All this information, packaging features and traceability you can hardly find in Commercial coffees. For example, instead of roasting date, the only data you will frequently find is the “best before date” or the “packaging date” –which is not the same as roasting date.
To summarize it: the more you know about the coffee you drink, the better you can trace it and be sure about its real quality.
Short Comparison
Specialty
- Not a single defect among the green coffee beans
- Grows under shade in altitudes of 1200 MASL and more for a better taste
- Handpicked only when the coffee cherry is fully ripe, and sun dried in patios after milling
- According SCAA¹ it should also register 80 points or above in cup evaluation in a 100 gram roasted sample (+79/100)

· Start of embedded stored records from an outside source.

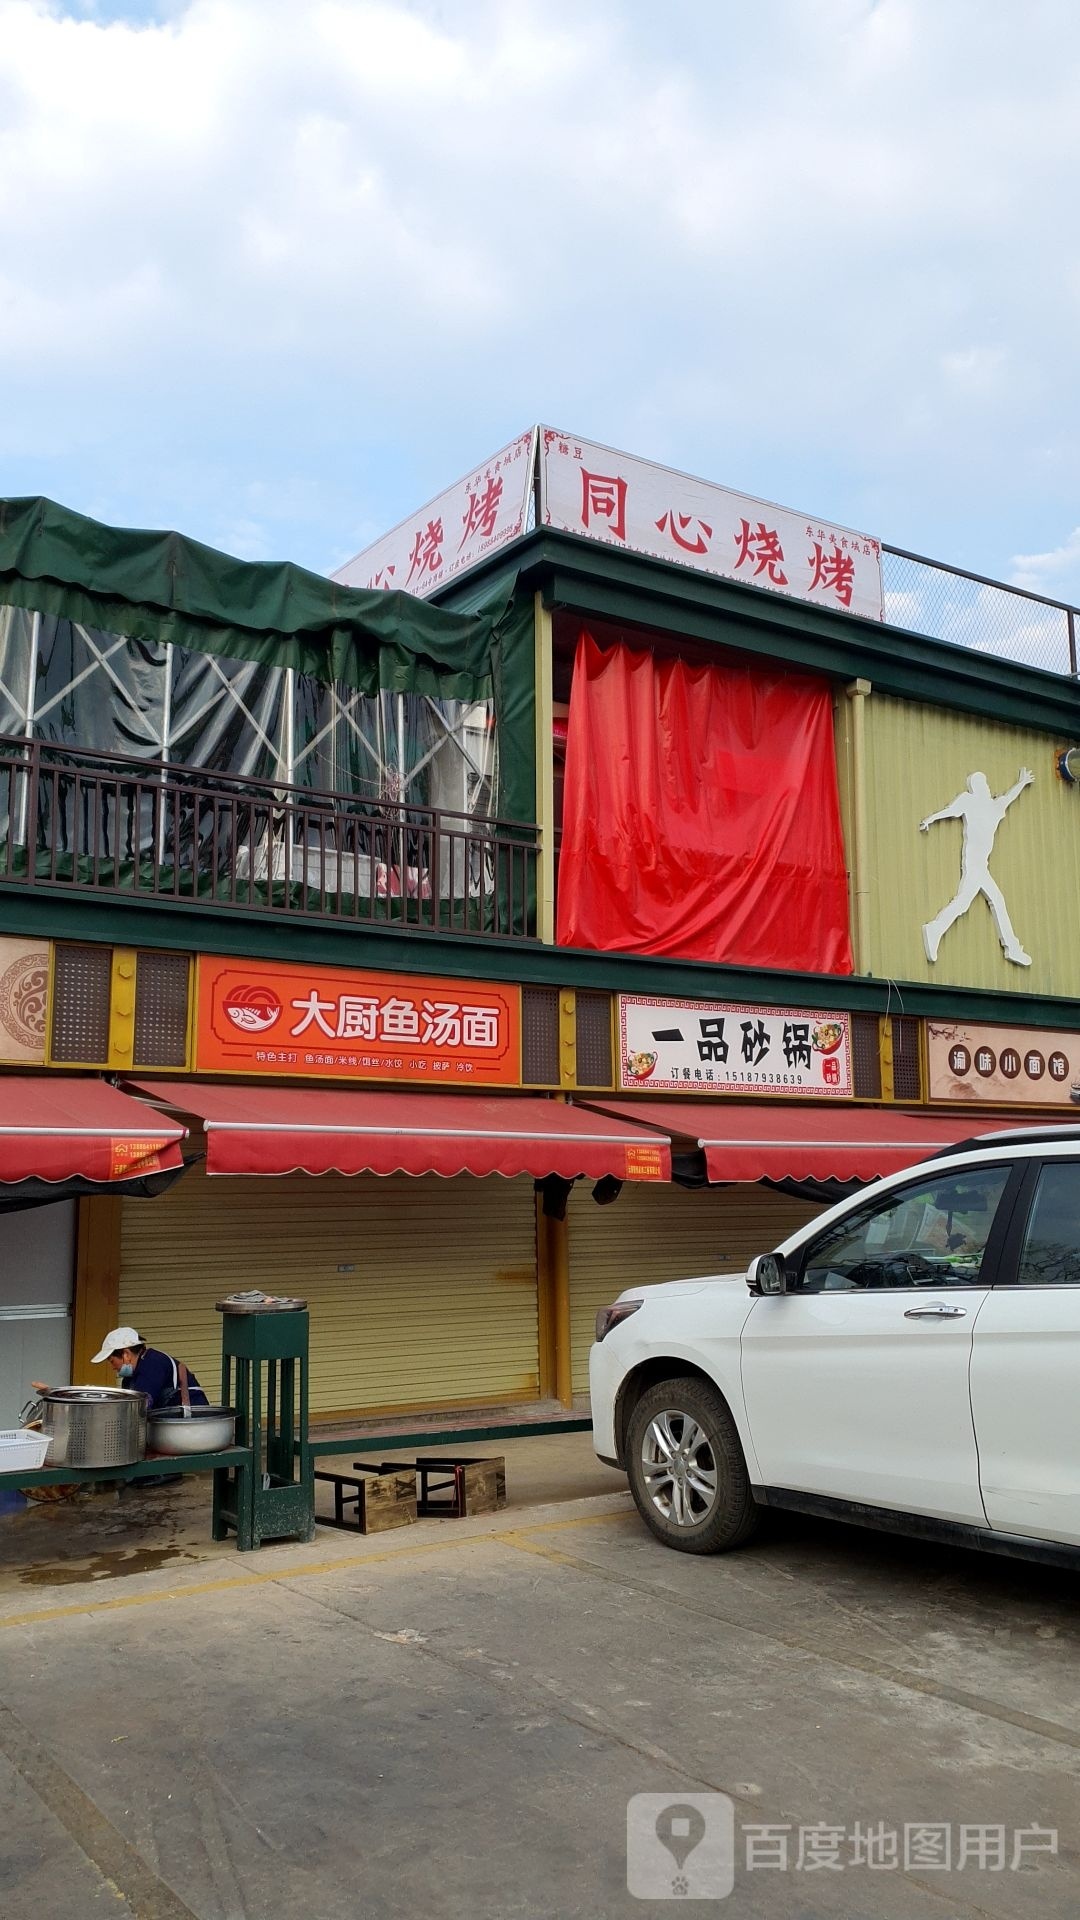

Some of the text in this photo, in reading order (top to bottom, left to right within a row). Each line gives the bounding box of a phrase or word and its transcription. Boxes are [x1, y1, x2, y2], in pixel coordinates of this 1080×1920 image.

[344, 477, 503, 591] 心烧烤
[580, 466, 856, 607] 同心烧烤
[805, 524, 871, 556] 东华美食城店
[290, 989, 501, 1048] 大厨鱼汤面
[652, 1018, 811, 1070] 一品砂锅
[256, 1050, 298, 1063] 特色主打
[409, 1060, 427, 1070] 小吃
[456, 1062, 474, 1073] 冷饮
[953, 1051, 1065, 1076] 渝味小面馆

- Mainly Arabica green coffee beans of high grade, which cost more to produce and roasters pay a more than fair price when bought in a direct trade relationship with the farmers (known as The Third Wave Coffee)
- Typically, light roasted to enhance fruity and floral natural aromas
- Traceable: information about its origin and quality are easy to find
- From a specific country and a single farm (known also as Single Estate Coffee)

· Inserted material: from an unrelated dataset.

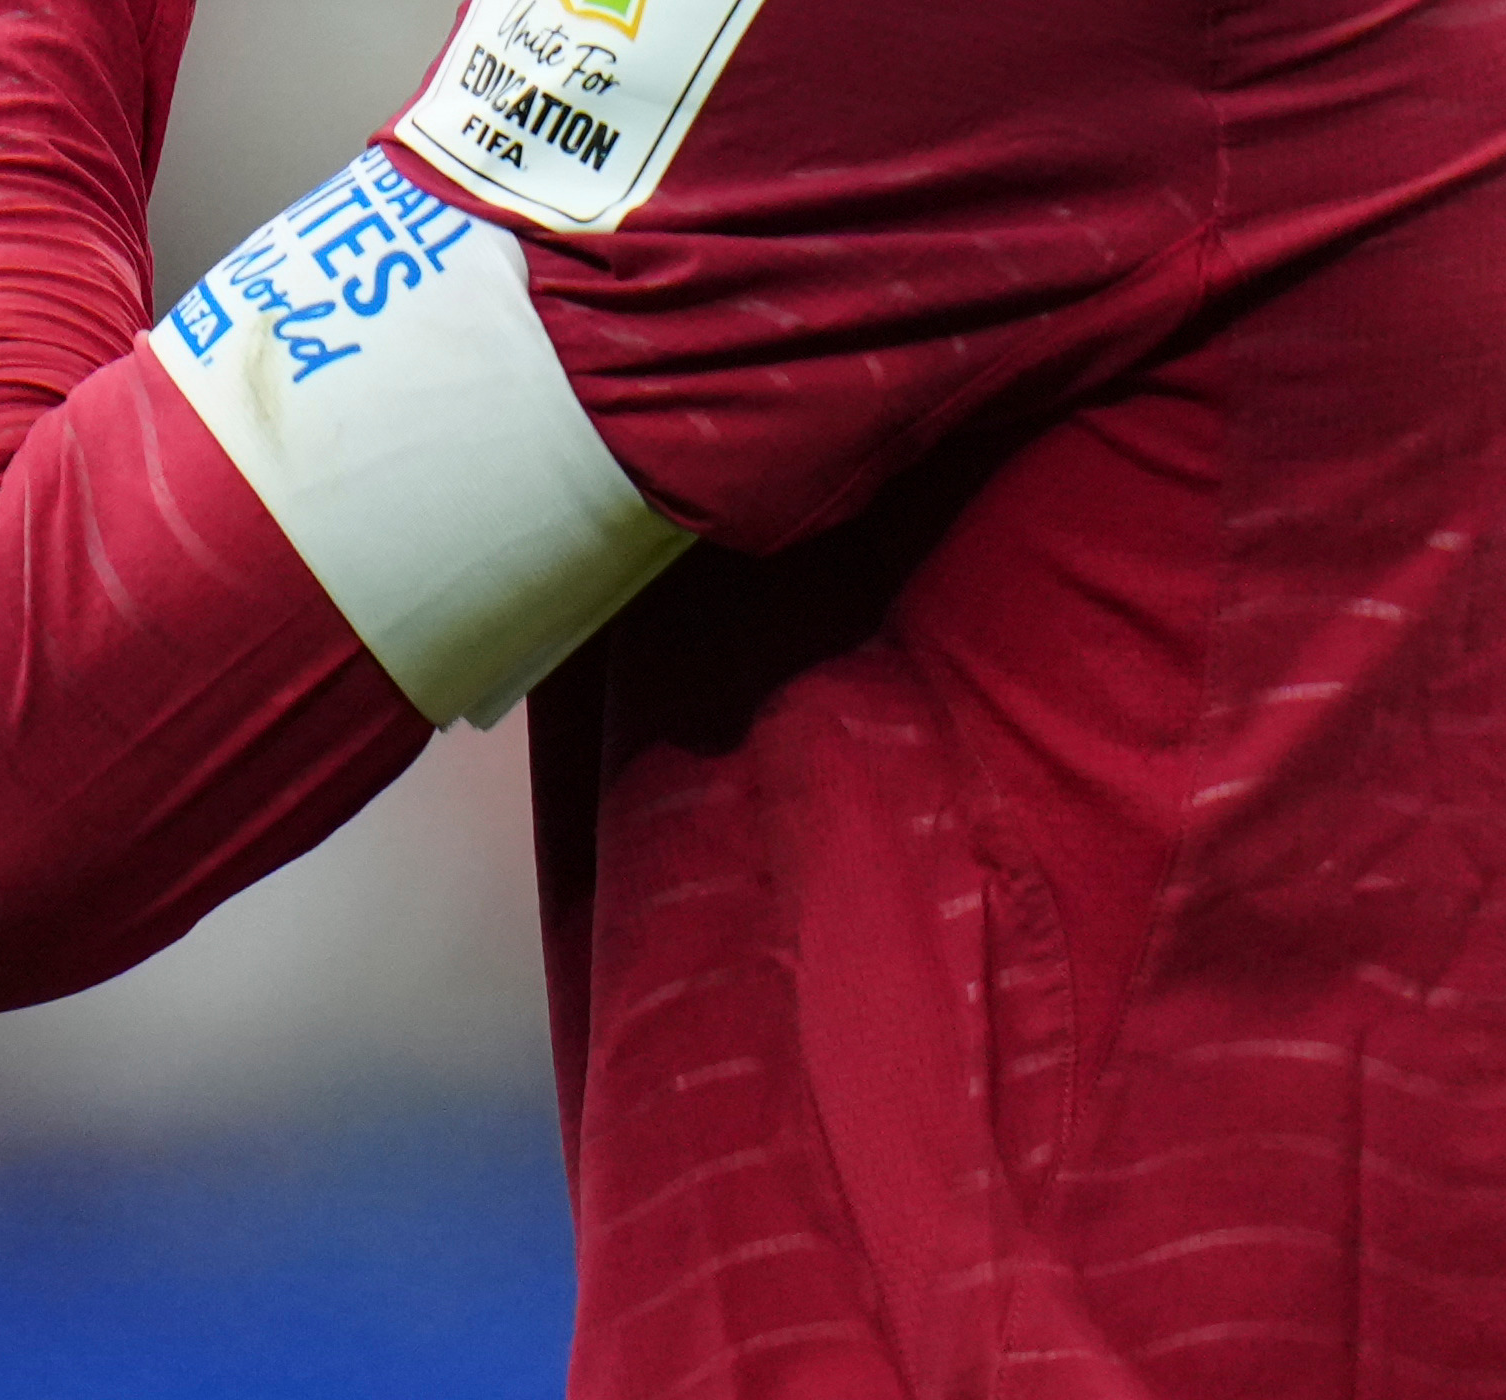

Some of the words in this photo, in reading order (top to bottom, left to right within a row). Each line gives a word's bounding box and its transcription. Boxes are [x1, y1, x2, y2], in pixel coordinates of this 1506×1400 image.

- Quality and grade certified
- A passion and an explosion of tastes comparable to good wine
- From mild to bright acidity and a wide range of tastes and aromas from fruits and honey and with hints of chocolate, etc (See Coffee wheel of tastes)
- Its notes and tastes are clearly described and explained by their roasters and written on their package, including radars of flavors, cupping and sensory
Our 100% Specialty Grade Pacamara green coffee beans crop 2014-2015 from Finca Las Luces in El Salvador ready to be roasted in Tønsberg Norway
Commercial
- Mainly composed of defective beans
- Grows under direct sun and at very low altitude for a better profit
- Machine picked even if the coffee cherry is still green
- Not worthy to enter a cup evaluation
- Mainly Robusta green coffee beans or Arabica of low grade, which are cheaper at the coffee commodity market –a big incentive for commercial, instant and capsules coffee manufacturers to make a huge profit
- Typically, dark roasted to hide coffee defects and inconsistency in taste
- Limited information available with few or almost no details about its origin
- Mix of low quality damaged beans from many countries or regions
- Lacks of quality and grade certificates
- A tasteless, flat, dead and boring coffee with a burnt and “strong” taste
- Missing acidity. That is, as in wine, the vibrant characteristic that gives life to coffee and must not be confused with sourness of a bad brewed coffee
- Because of its burnt and dead taste, tastes cannot be described. To give it a fake life, many manufacturers add artificial flavors to create flavored coffee
100% Low grade Arabica green coffee beans from Ugandan Triage ready to be shipped to Commercial, Instant and Capsule coffee manufacturers
Because you deserve the best! Keep informed and drink the best coffee!